Background: In metazoans, the HR1 domain, a motif found in a number of proteins including the protein kinase C-related PRKs, is responsible for an interaction with Rho-GTPases. The structural similarity between the Schizosaccaromyces pombe Pck proteins and the mammalian Rho-dependent protein kinase C-related family, has led us to investigate the relationship between the function of Rho and that of Pck1/2.
Results: Rho1 is shown to interact with the conserved N-terminal HR1 domain of Pck1/2 in vitro and in vivo. Lethal overproduction of Rho1 is neutralized by co-expression of the Pck2 HR1 domain, which by itself compromises growth when overproduced. The Pck2-Rho1 interaction has a profound effect on the steady state expression of Pck2 and this is shown to parallel the immunoprecipitated activity and phosphorylation of Pck2 at its activation loop site. It is further shown that Pck2 becomes localized at the septum, where Rho1 is also located.

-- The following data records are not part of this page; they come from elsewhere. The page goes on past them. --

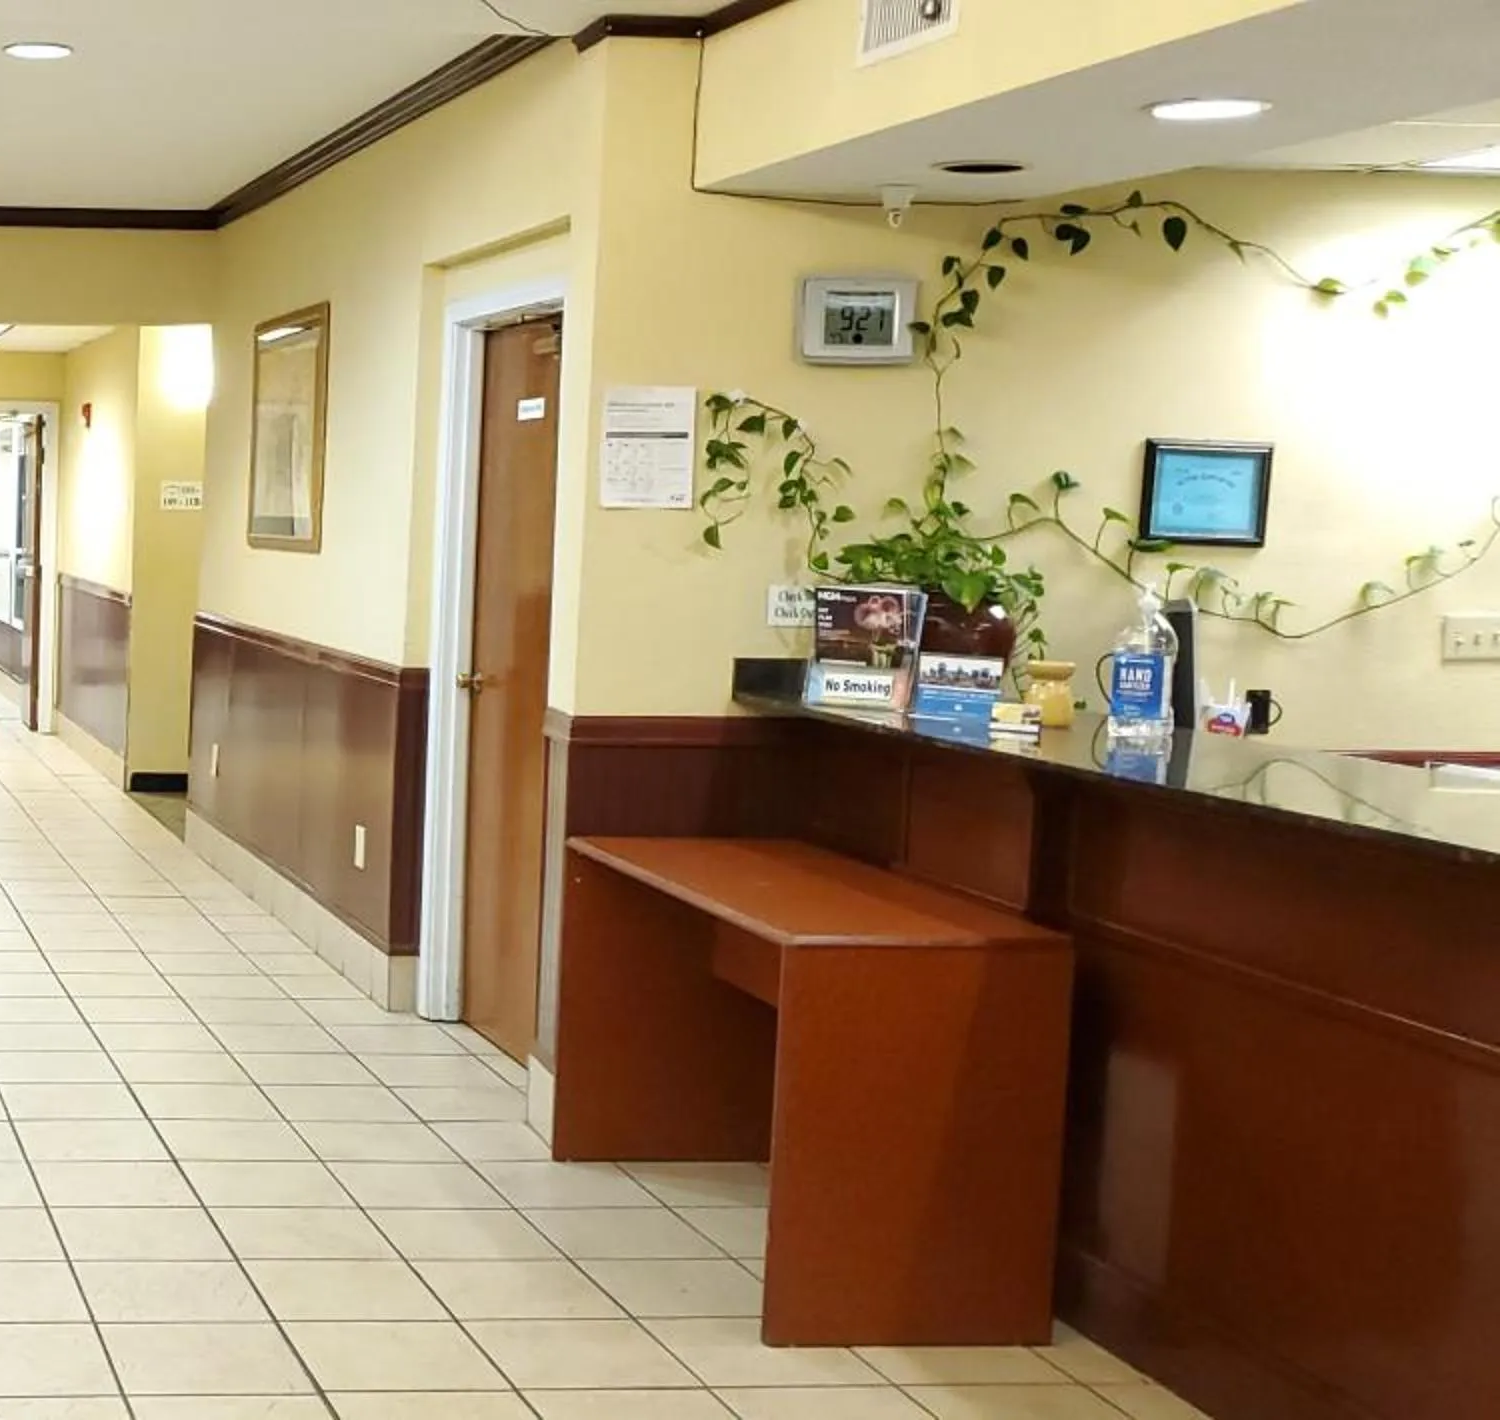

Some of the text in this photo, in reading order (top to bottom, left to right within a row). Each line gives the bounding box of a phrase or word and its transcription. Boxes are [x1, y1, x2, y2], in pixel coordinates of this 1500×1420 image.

[1119, 667, 1153, 682] HAND
[825, 678, 891, 697] No Smoking
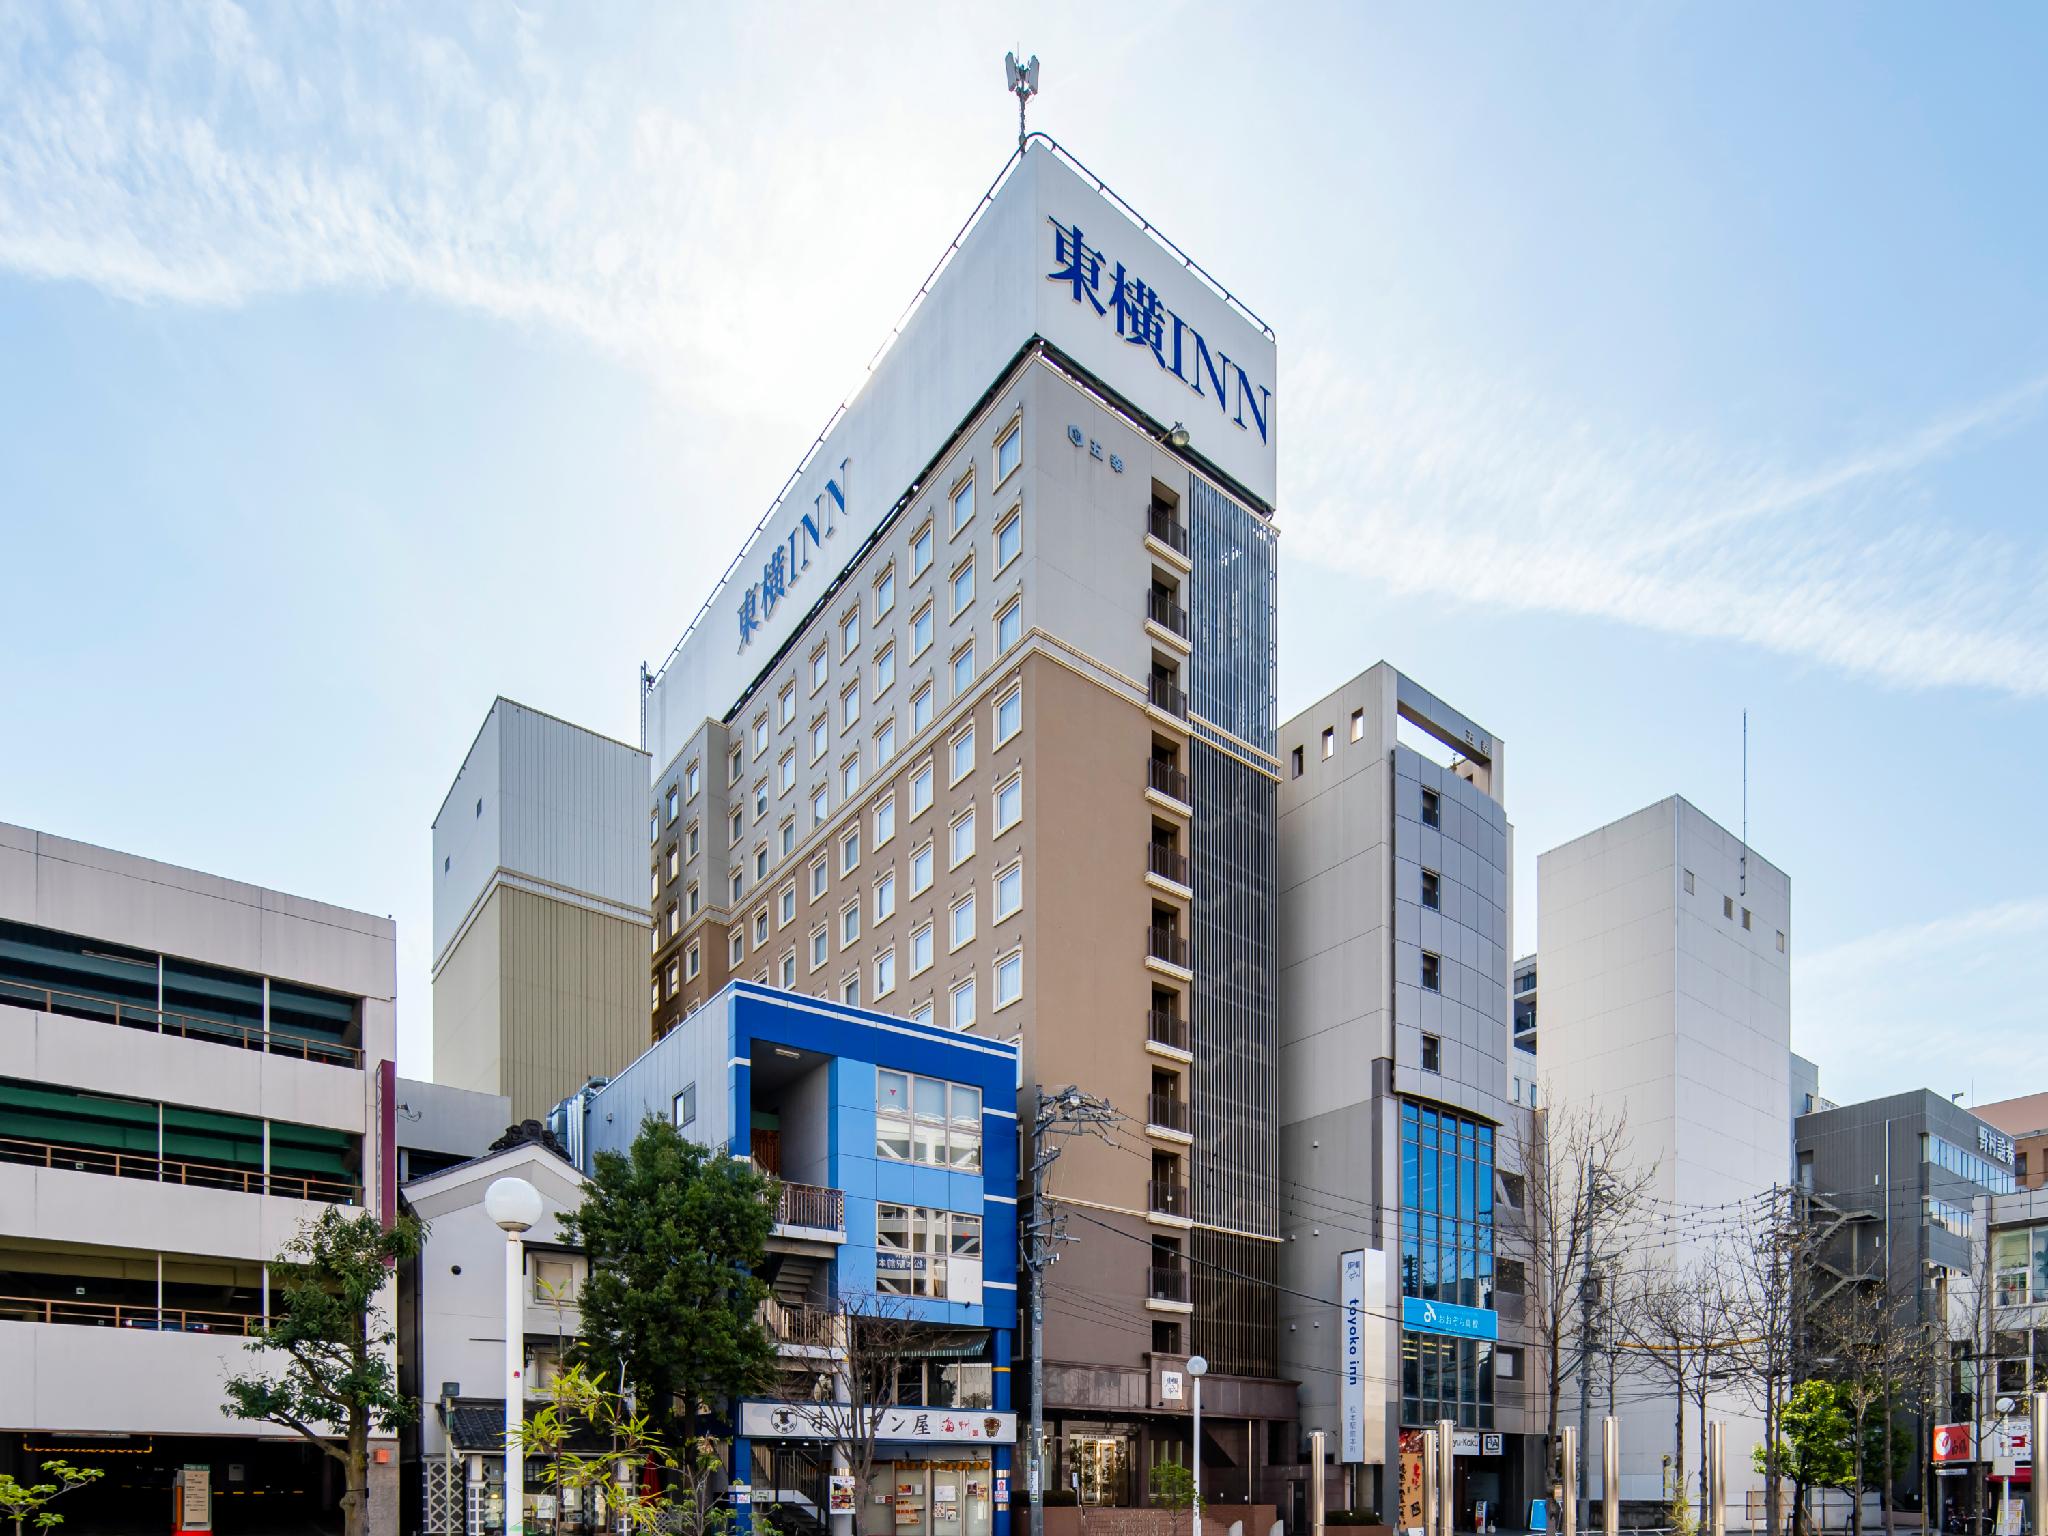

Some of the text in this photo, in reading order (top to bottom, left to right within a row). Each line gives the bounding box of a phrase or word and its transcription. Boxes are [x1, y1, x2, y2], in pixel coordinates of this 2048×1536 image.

[1046, 214, 1272, 446] 東横INN
[737, 457, 849, 655] 東横INN
[1343, 1298, 1360, 1355] toyoko
[1349, 1360, 1360, 1386] inn
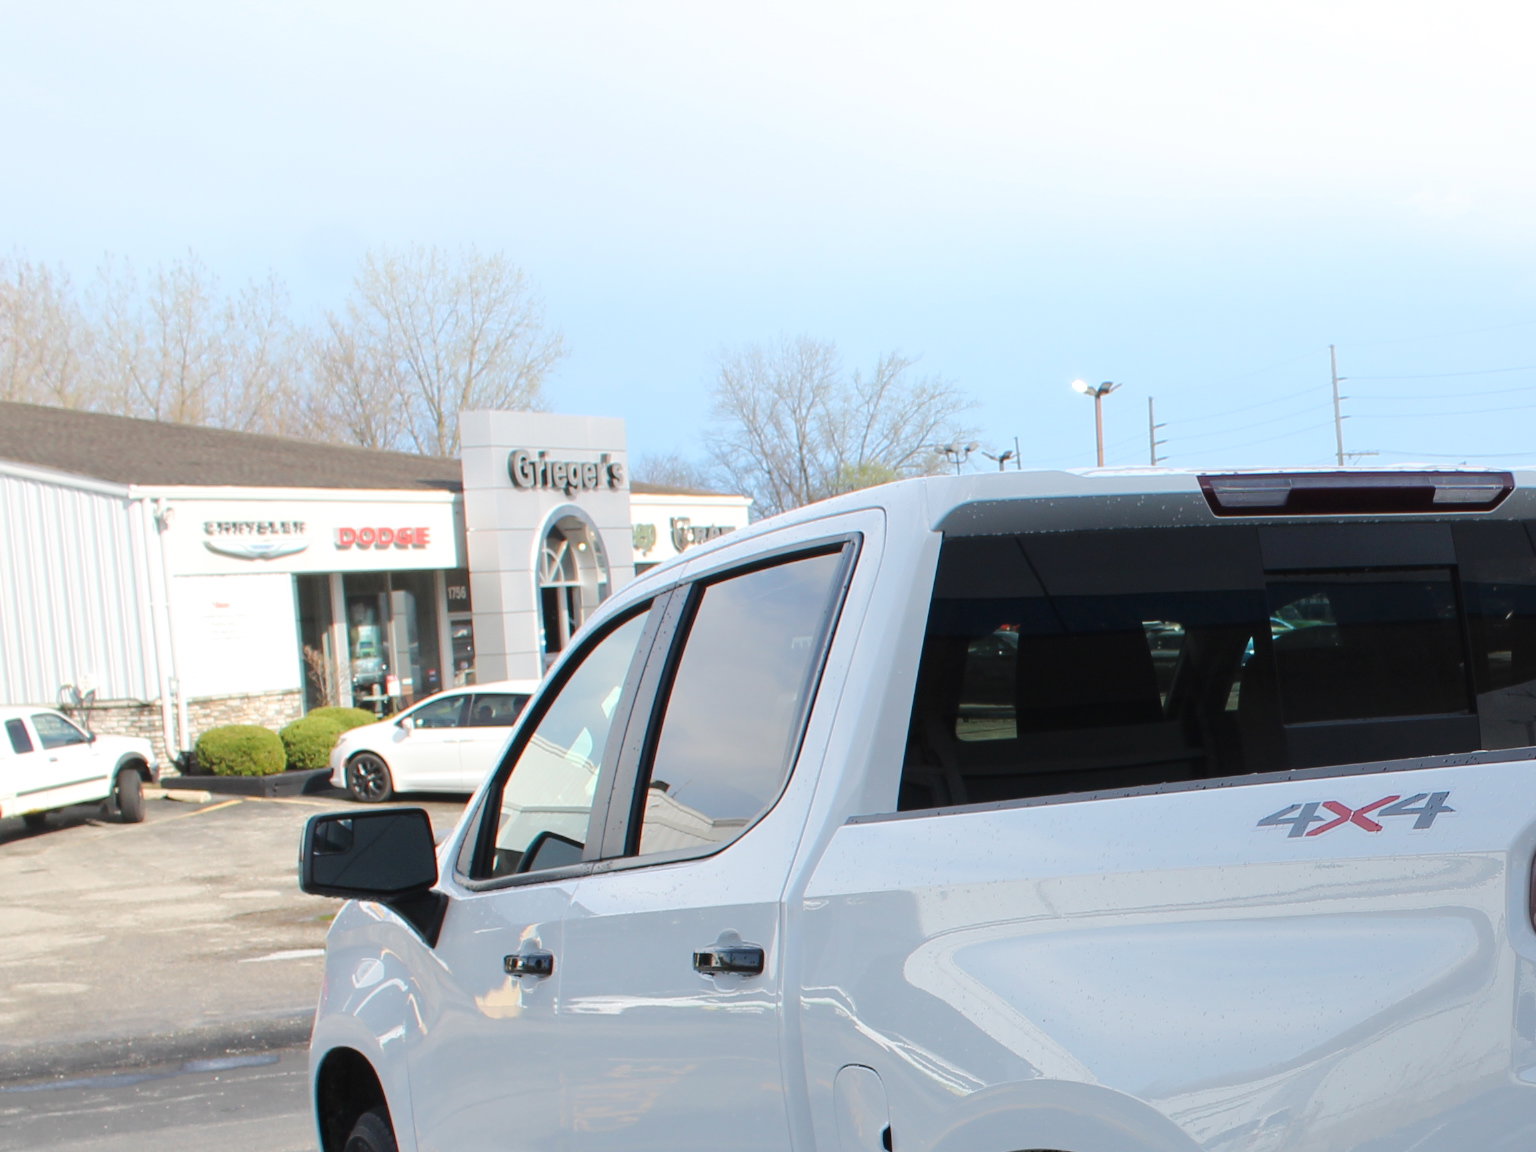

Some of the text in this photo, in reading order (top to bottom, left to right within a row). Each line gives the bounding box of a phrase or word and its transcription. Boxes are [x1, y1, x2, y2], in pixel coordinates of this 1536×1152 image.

[507, 448, 626, 496] Grieger's
[336, 526, 431, 550] DODGE
[447, 585, 467, 601] 1756

Conclusions: The results demonstrate that the Pck proteins are Rho1 effectors in fission yeast and that the HR1 domain is a universal motif for the Rho-GTPase interaction. Furthermore, the evidence supports the contention that the yeast Pck1 and Pck2 proteins are primitive protein kinases, which in vertebrates have evolved into the two distinct PKC and PRK families.